Paul Romer: this short article for Prospect explains his charter cities proposal for the general public:

(…) When disaster strikes—as in the recent Haiti earthquake—the prime minister is right. Even small amounts of aid can save many lives. The moral case for aid is compelling. But we must also remember that aid is just palliative care. It doesn’t treat the underlying problems. As leaders like Rwandan president Paul Kagame have noted, it can even make these problems worse if it saps the innovation, ambition, confidence, and aspiration that ultimately helps poor countries grow.

So, two days later, I opened my own TED talk with a different photo, one of African students doing their homework at night under streetlights. I hoped the image would provoke astonishment rather than guilt or pity—for how could it be that the 100-year-old technology for lighting homes was still not available for the students? I argued that the failure could be traced to weak or wrong rules. The right rules can harness self-interest and use it to reduce poverty. The wrong rules stifle this force or channel it in ways that harm society.

The deeper problem, widely recognised but seldom addressed, is how to free people from bad rules. I floated a provocative idea. Instead of focusing on poor nations and how to change their rules, we should focus on poor people and how they can move somewhere with better rules. One way to do this is with dozens, perhaps hundreds, of new “charter cities,” where developed countries frame the rules and hundreds of millions of poor families could become residents.

How would such a city work? Imagine that a government in a poor country set aside a piece of uninhabited land. It invites a developed country to enter into a new type of partnership, in which the developed country sets up and enforces rules specified in a charter. Citizens from the poorer country, and the rest of the world, would be free to live and work in the city that emerges. It could create economic opportunities and encourage foreign investment, and by using uninhabited land it would ensure everyone living there would have chosen to do so with full knowledge of the rules. Roughly 3bn people, mostly the working poor, will move to cities over the next few decades. To my mind the choice is not whether the world will urbanise, but where and under which rules. Instead of expanding the slums in existing urban centres, new charter cities could provide safe, low-income housing and jobs that the world will need to accommodate this shift. Even more important, these cities could give poor people a chance to choose the rules they want to live and work under.

To understand why rules are the way to harness self-interest, and why such new cities could work where old cities have not, look again at the example of electricity. We know from the developed world that it costs very little to light a home—on average, less than one US penny an hour for a 100-watt bulb. We also know that most poor people in Africa are not starving. They could afford some light. Africans do not lack electricity because they are too poor. Indeed, reliable power is so important for education, productivity and job creation that it would be more accurate to say that many in Africa are poor because they don’t have electricity. So why don’t they?

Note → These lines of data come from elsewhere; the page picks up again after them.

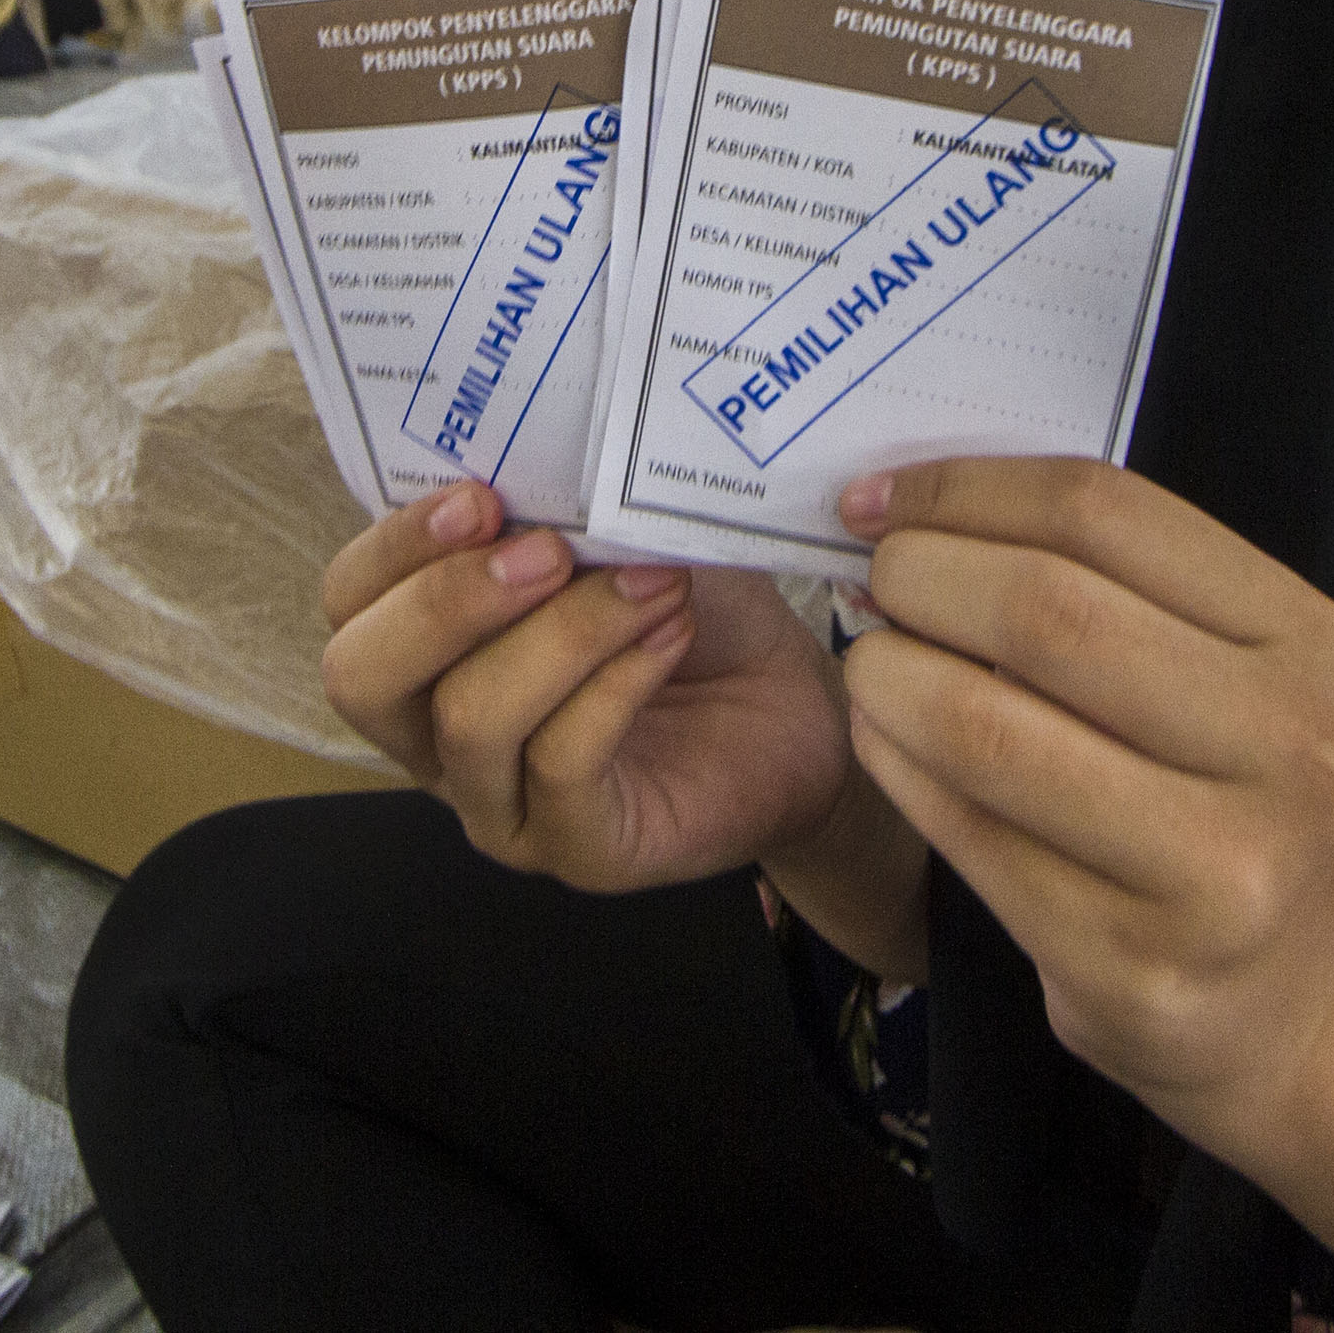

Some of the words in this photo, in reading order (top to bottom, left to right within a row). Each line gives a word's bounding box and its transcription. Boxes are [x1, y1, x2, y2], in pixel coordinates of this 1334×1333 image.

[317, 16, 434, 49] KELOMPOK
[362, 38, 512, 73] PEMUNGUTAN
[518, 27, 595, 58] SUARA
[833, 7, 998, 58] PEMUNGUTAN
[1003, 36, 1083, 73] SUARA
[471, 133, 581, 160] KALIMANTAN
[715, 90, 789, 119] PROVINSI
[913, 129, 1032, 164] KALIMANTAN
[707, 134, 799, 169] KABUPATEN
[814, 158, 855, 179] KOTA
[698, 180, 798, 214] KECAMATAN
[811, 204, 871, 228] DISTRIK
[690, 222, 730, 247] DESA
[745, 233, 840, 267] KELURAHAN
[435, 264, 546, 463] PEMILIHAN
[523, 104, 622, 263] ULANG
[682, 266, 744, 294] NOMOR
[748, 279, 773, 300] TPS
[717, 239, 933, 433] PEMILIHAN
[927, 116, 1080, 248] ULANG
[670, 331, 717, 357] NAMA
[723, 343, 774, 367] KETUA
[647, 458, 697, 485] TANDA
[702, 472, 766, 500] TANGAN

Why the right rules matter

Consider development the other way round. US customers have cheap electricity mostly because rules channel self-interest in the right way. Some protect investments made by utilities, others stop these companies abusing their monopoly power. With such rules, companies win; efficient providers make a profit. But customers win too; they get access to a vital resource at low cost. It’s the absence of these rules that explains why many Africans don’t have electricity at home. It might seem a simple insight, but it took economists a long time to understand it.

I think Paul Romer understands economic growth better than just about anybody else on the planet.

(…) When I started graduate school in the late 1970s I was convinced economists underestimated the potential for new ideas to raise living standards. The body of work that grew out of my PhD thesis came to be called new growth theory, or post-neoclassical endogenous growth theory in Britain (when it was infamously taken up by new Labour in the mid-1990s). Initially I just wanted to understand how good ideas, like those which make cheap electric light possible, were discovered. But then another topic began to interest me: why didn’t ideas common in some parts of the world spread to others?

Put simply, some countries are better able to establish the type of rules that help good ideas spread, while others are trapped by bad rules that keep ideas out. The rules stopping cheap electricity, for instance, are not hard to identify. The threat of expropriation or political instability stops many western electricity companies moving into Africa. Those that do set up there can exploit their power as monopolists to charge excessive prices. Often they offer bribes to stop rules being enforced, or pay bribes themselves. Good rules would stop all this. So to unleash the potential of the marketplace, poor countries need to find a way to create good rules.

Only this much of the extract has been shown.